By Lei Yin
Today, we will take a deep dive into the speech "A New Track for Fashion E-commerce - FashionAI Technology" shared by Lei Yin, a researcher at Alibaba and the head of FashionAI from Taobao's TECH department, at the Taobao TECH Festival in Silicon Valley.
Let's start with the recommendation technology. First, let's see the recommendations based on user behavior, which includes clicking, browsing and purchasing behaviors of users. Recommendation technology improves user efficiency in finding goods, which in turn also helps to increase the company's revenue. When recommendation efficiency is improved to a certain extent, bottlenecks may appear. For example, you may have already bought a top, so the system continues to recommend tops to you. This is pretty common and has been severely criticized in recent years. If the recommendation system is developed purely based on user behaviors, such problems are not uncommon.
Second, let's see the user portrait. It's commonly accepted that precise portraits can be made through user insights. But I have always doubted this. Take shopping for clothes as an example. You may get the user behavior data, such as browsing, clicking, and purchasing data. But even if you can determine the skin color, height, weight and measurements of the user, this user portrait will not be much more accurate than the previous one. Therefore, the so-called user insights and user portraits are actually still very rough today.
Third, we can also make a knowledge graph to help with related recommendations. For example, if you buy a fishing rod, I will recommend other fishing gear to you, or you finally buy other auto parts recommended as a result of buying headlights. However, as of today, the results have not been good enough and many difficulties still exist.
The above are common considerations for recommendation technology. Then, in the apparel recommendation field, let's take a look at the other possibilities. What is the core criterion for a shopping guide in an offline clothing shop? The criterion is the associated purchase. If a customer buys a piece of clothing, it is not counted in your contribution. But if you lead the customer to buy another piece, this is counted in your performance. Therefore, the associated purchase is very important. The key logic of it is collocation. We can see that, when we implement recommendation in a specific field, we have some recommendation logic that is specific to this field. This is the logic that occurs in daily life.
To make accurate and reliable recommendations, we need to know how to match products with users as well as other products. This is not a simple task because it requires a lot of prior knowledge and experience. For example, if we want to match clothes, we need to know the attributes of the clothes, as well as the design elements, in as much detail as possible. The accuracy and detail must be sufficient for the matching to be done reliably.
This problem, when viewed in a more technical sense, can be described as a knowledge graph. In such a graph, you typically have many knowledge points to map through human experience or user data. Knowledge points in the knowledge graph are generated more by common sense. For example: I am a person. Who are my friends? Who is my boss? "I" is a knowledge point generated by common sense.

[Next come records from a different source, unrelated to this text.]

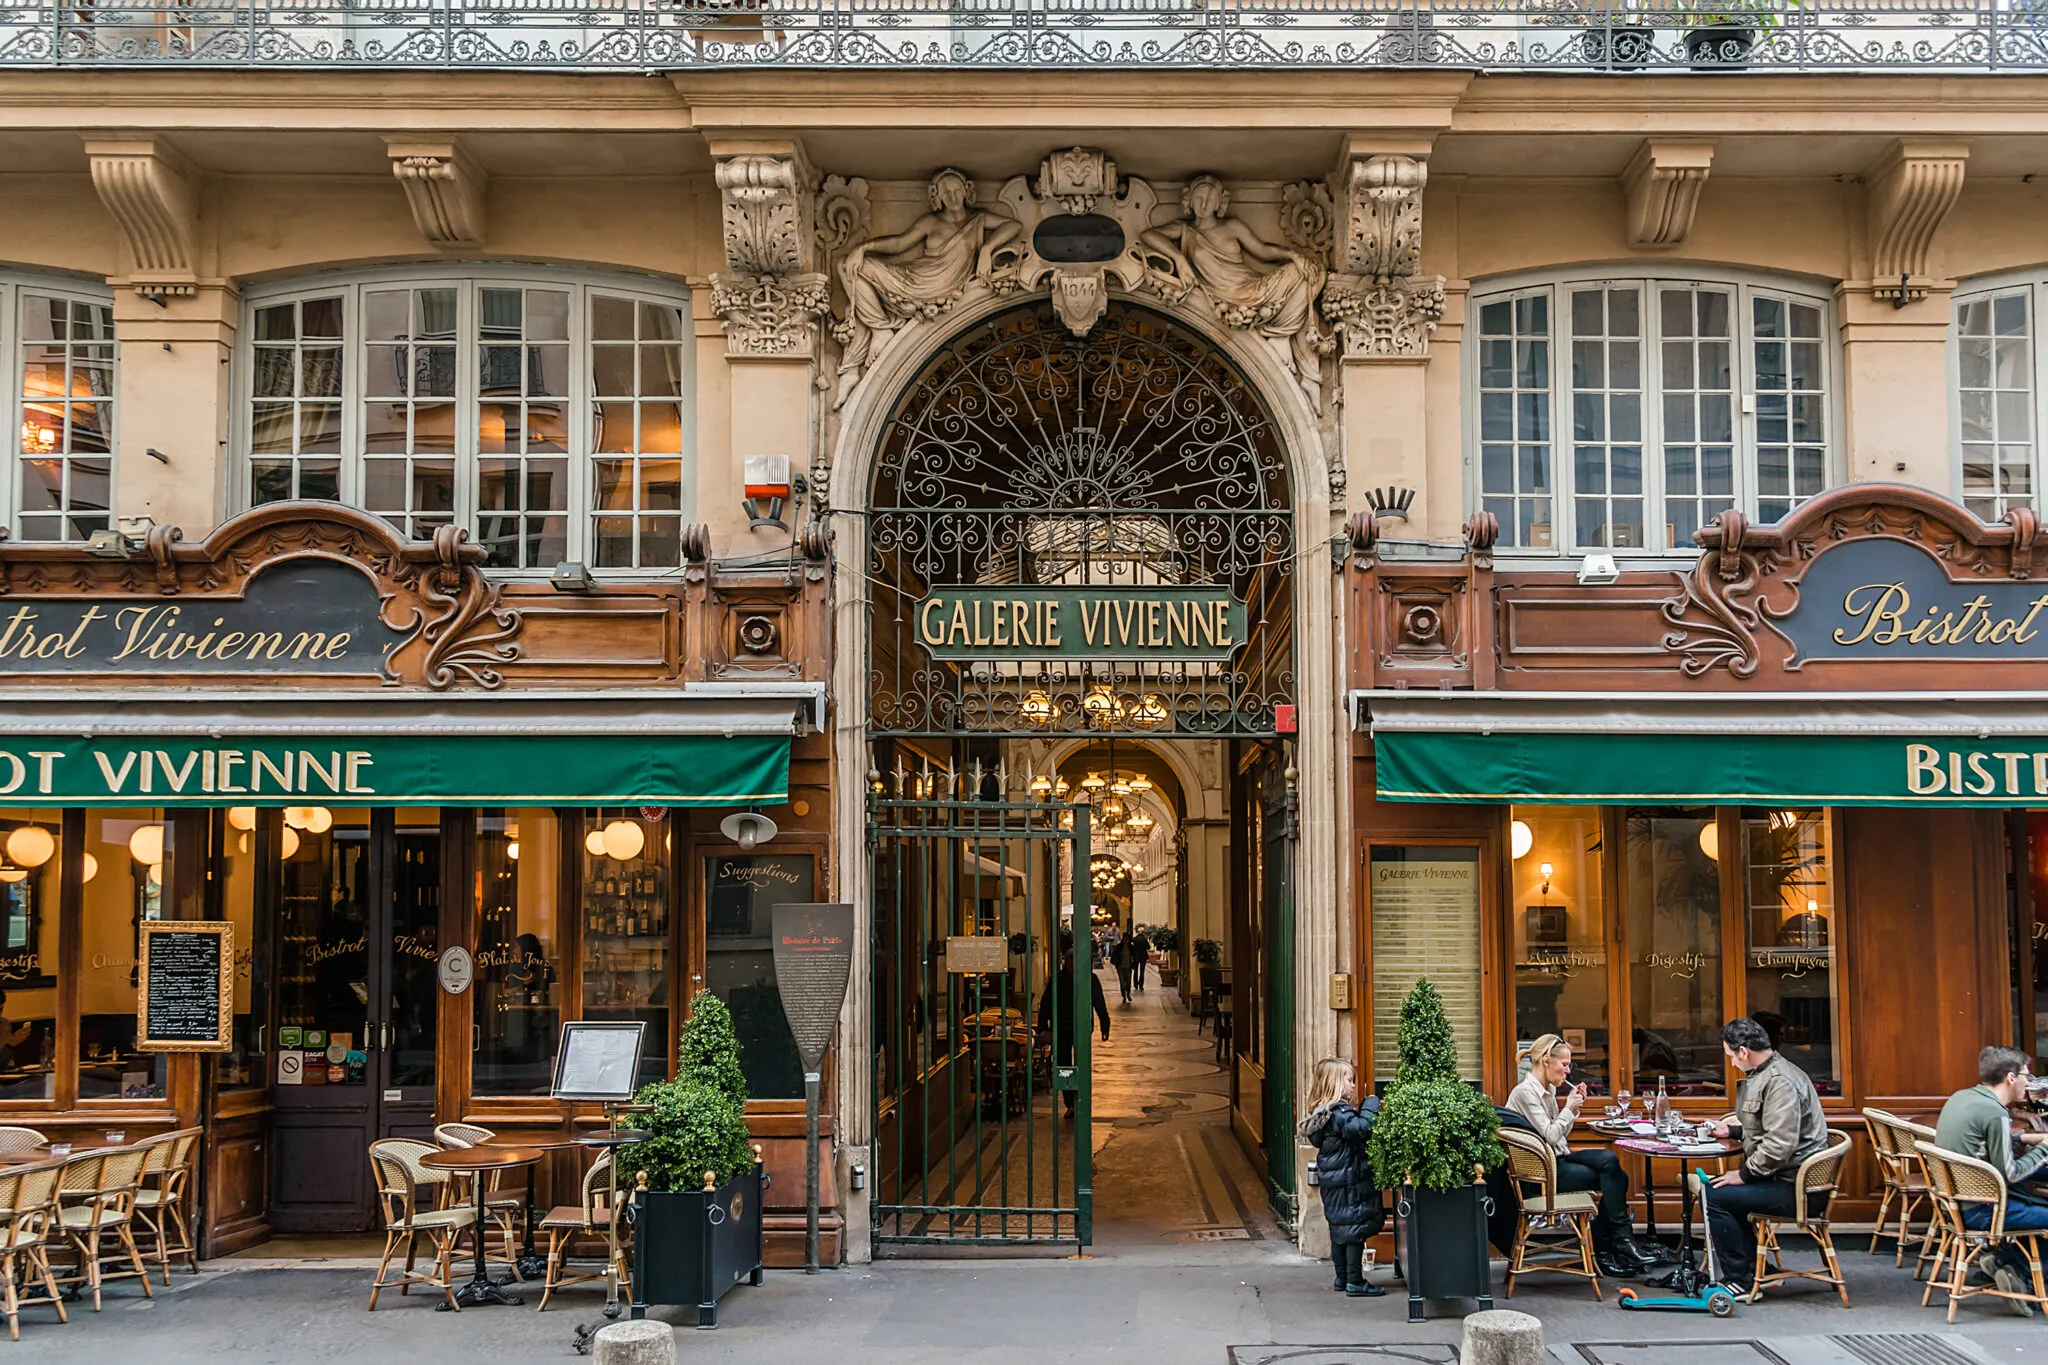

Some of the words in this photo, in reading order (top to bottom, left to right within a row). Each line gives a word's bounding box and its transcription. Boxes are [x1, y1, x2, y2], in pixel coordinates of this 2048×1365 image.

[1064, 283, 1095, 297] 1844
[921, 598, 1062, 646] GALERIE
[1079, 599, 1233, 647] VIVIENNE
[1833, 581, 2048, 645] Bistrot
[113, 605, 351, 661] Vivienne
[94, 750, 375, 794] VIVIENNE
[719, 862, 800, 884] Suggestions
[305, 936, 369, 967] Bistrot
[478, 949, 509, 969] Plat
[1645, 952, 1706, 972] Digestifs
[1756, 950, 1829, 972] Champagne

Another method is called the expert system. For example, many celebrities, whom we understand as experts, will accumulate professional experience. Experts exist in every field, such as doctors in the medical system. The expert system was probably commonly used by AI before the rise of the knowledge graph.
The level further down in these two methods is the knowledge points, which are more basic. If problems exist in the knowledge points themselves, the knowledge relations constructed on them will have problems. Then, when AI algorithms are performed on this basis, the results will not be good enough. This may be one of the reasons why AI is hard to implement. We should have the courage to rebuild this knowledge system.

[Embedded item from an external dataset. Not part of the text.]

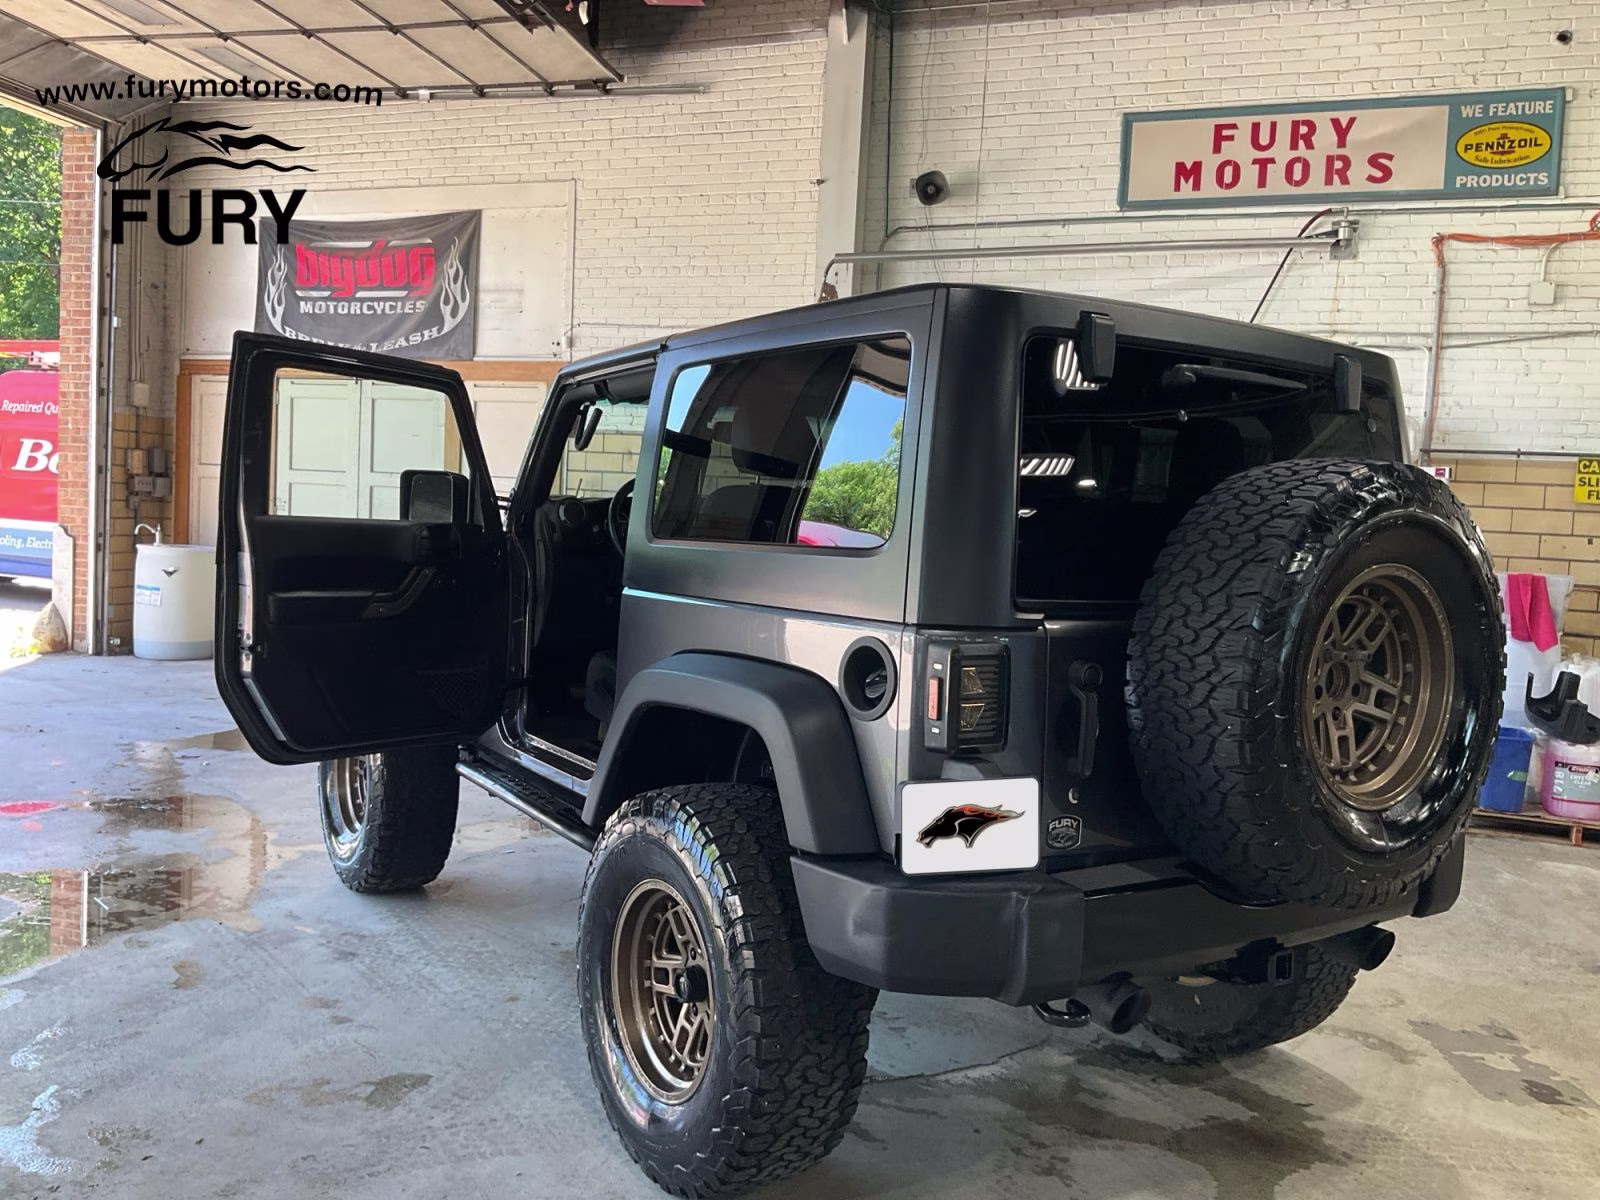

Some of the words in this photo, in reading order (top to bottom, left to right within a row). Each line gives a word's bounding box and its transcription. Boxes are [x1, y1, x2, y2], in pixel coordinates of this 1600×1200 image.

Let's take a look at an example from Taobao. The upper part of this figure is the knowledge system of operators or designers. This is an example of "collar type," with various round collars, inclined collars and navy collars. We can see that the structure is tiled and scattered. Previously, knowledge was spread between people. Especially in small circles, such as designer groups, it's alright if knowledge is very confusing as long as it can be communicated. For example, a doctor's cursive writing may be readable by other doctors, but patients may not be able to understand it. In fact, a lot of knowledge is used for communication between people, including a lot of ambiguity and incompleteness. For example, for the clothing style, one tag is called "workplace style" and the other is called "neutral style." The "workplace style" and the "neutral style" cannot be visually distinguished. If it is difficult for people to distinguish, while the machine recognition accuracy can exceed 80%, then something must have gone wrong.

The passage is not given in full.